[EXERCISE INSTRUCTIONS]
The records below are to be returned word for word, with pictures left out.

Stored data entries
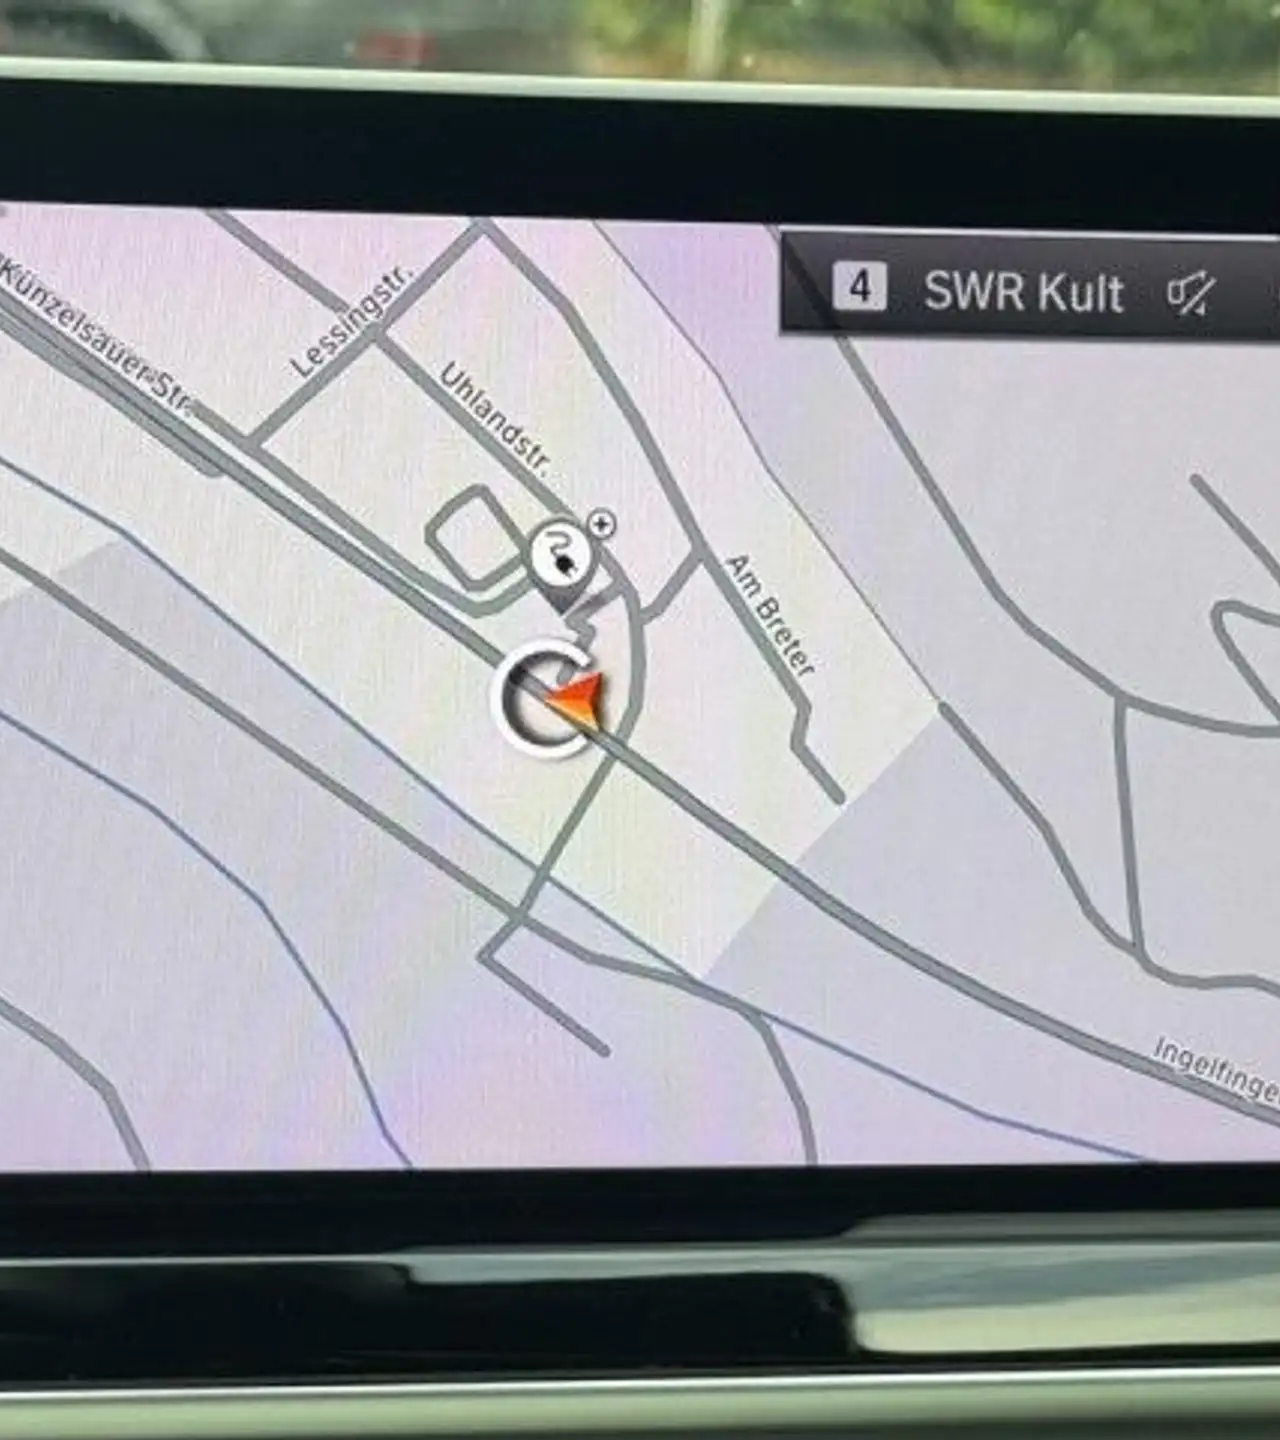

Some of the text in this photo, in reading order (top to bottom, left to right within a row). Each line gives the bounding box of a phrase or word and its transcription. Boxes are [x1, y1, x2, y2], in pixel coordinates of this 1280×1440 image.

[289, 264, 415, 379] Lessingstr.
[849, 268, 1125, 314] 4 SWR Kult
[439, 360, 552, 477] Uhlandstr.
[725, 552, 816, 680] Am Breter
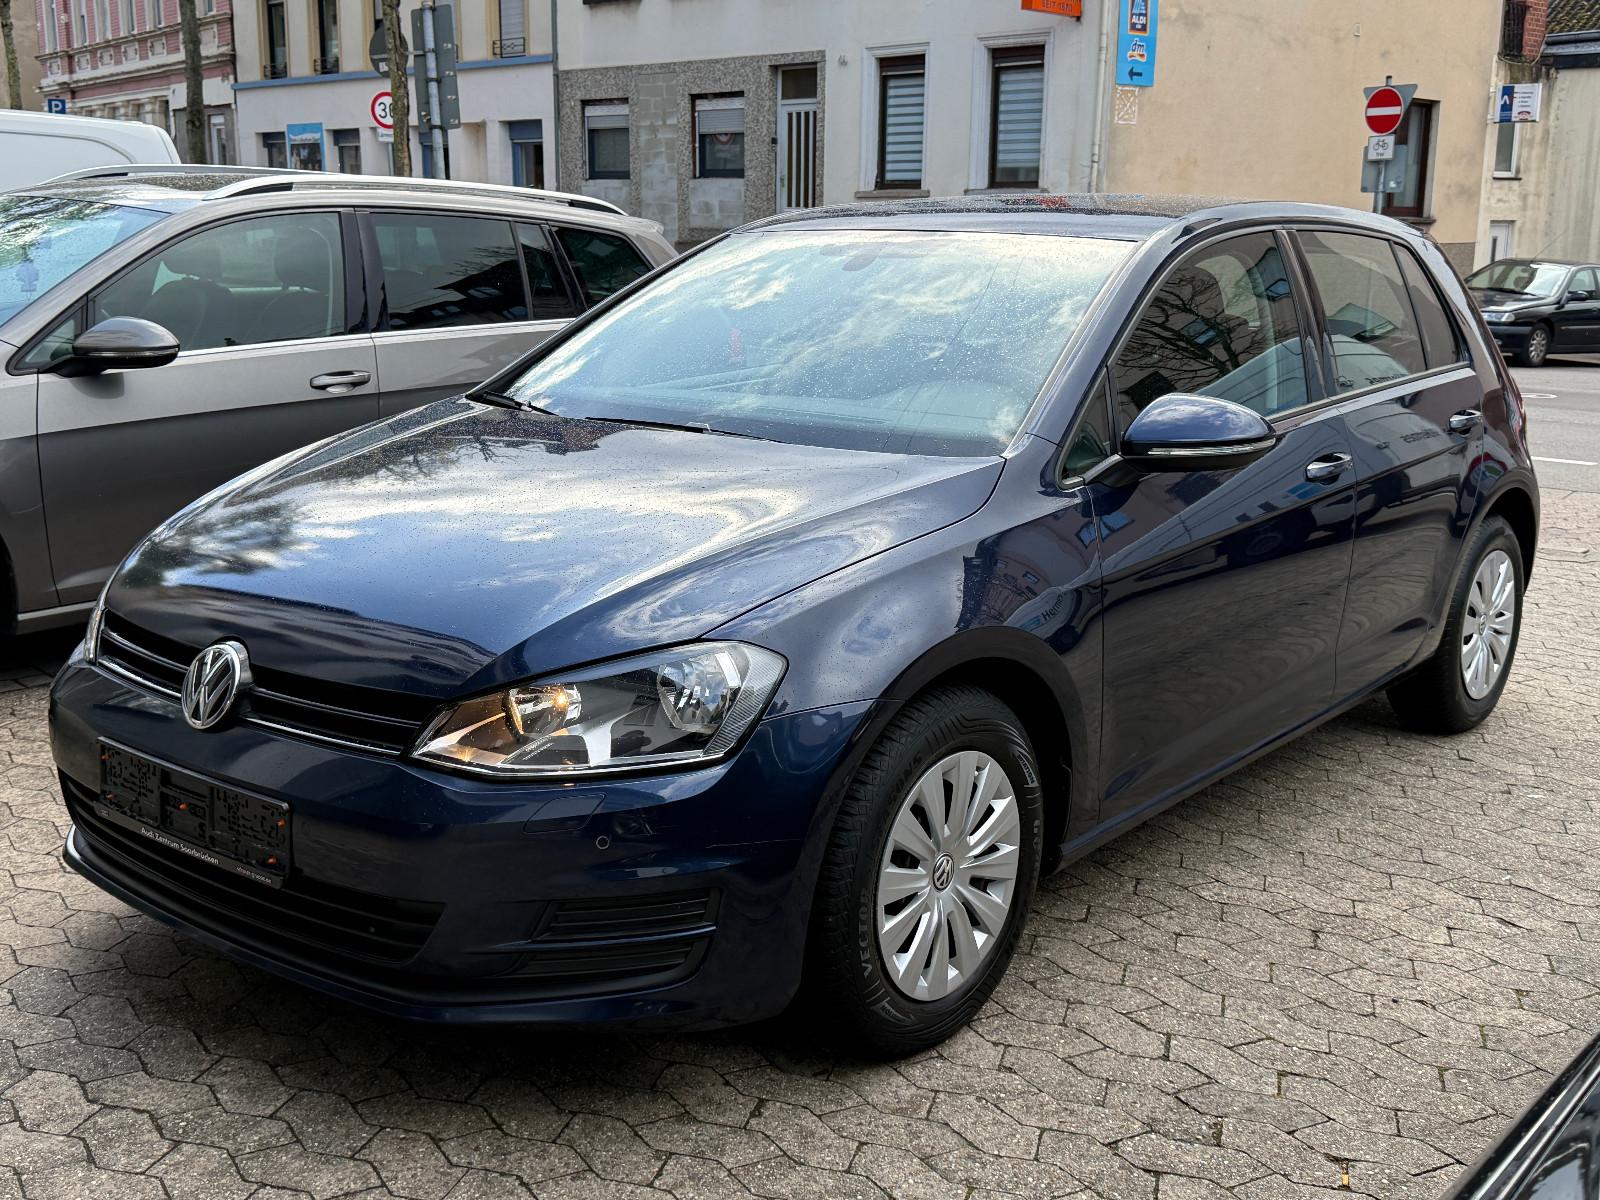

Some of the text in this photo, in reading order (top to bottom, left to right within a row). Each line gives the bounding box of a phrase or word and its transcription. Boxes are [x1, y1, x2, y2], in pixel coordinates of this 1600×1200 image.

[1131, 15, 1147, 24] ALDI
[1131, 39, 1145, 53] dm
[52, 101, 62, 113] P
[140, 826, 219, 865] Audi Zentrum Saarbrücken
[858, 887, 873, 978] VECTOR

[TASK RESULT]
Some of the text in this photo, in reading order (top to bottom, left to right within a row). Each line gives the bounding box of a phrase or word and its transcription. Boxes are [x1, y1, x2, y2], in pixel coordinates of this 1280×1440 image.

[289, 264, 415, 379] Lessingstr.
[849, 268, 1125, 314] 4 SWR Kult
[439, 360, 552, 477] Uhlandstr.
[725, 552, 816, 680] Am Breter

Some of the text in this photo, in reading order (top to bottom, left to right within a row). Each line gives the bounding box of a phrase or word and its transcription. Boxes are [x1, y1, x2, y2], in pixel coordinates of this 1600×1200 image.

[1131, 15, 1147, 24] ALDI
[1131, 39, 1145, 53] dm
[52, 101, 62, 113] P
[140, 826, 219, 865] Audi Zentrum Saarbrücken
[858, 887, 873, 978] VECTOR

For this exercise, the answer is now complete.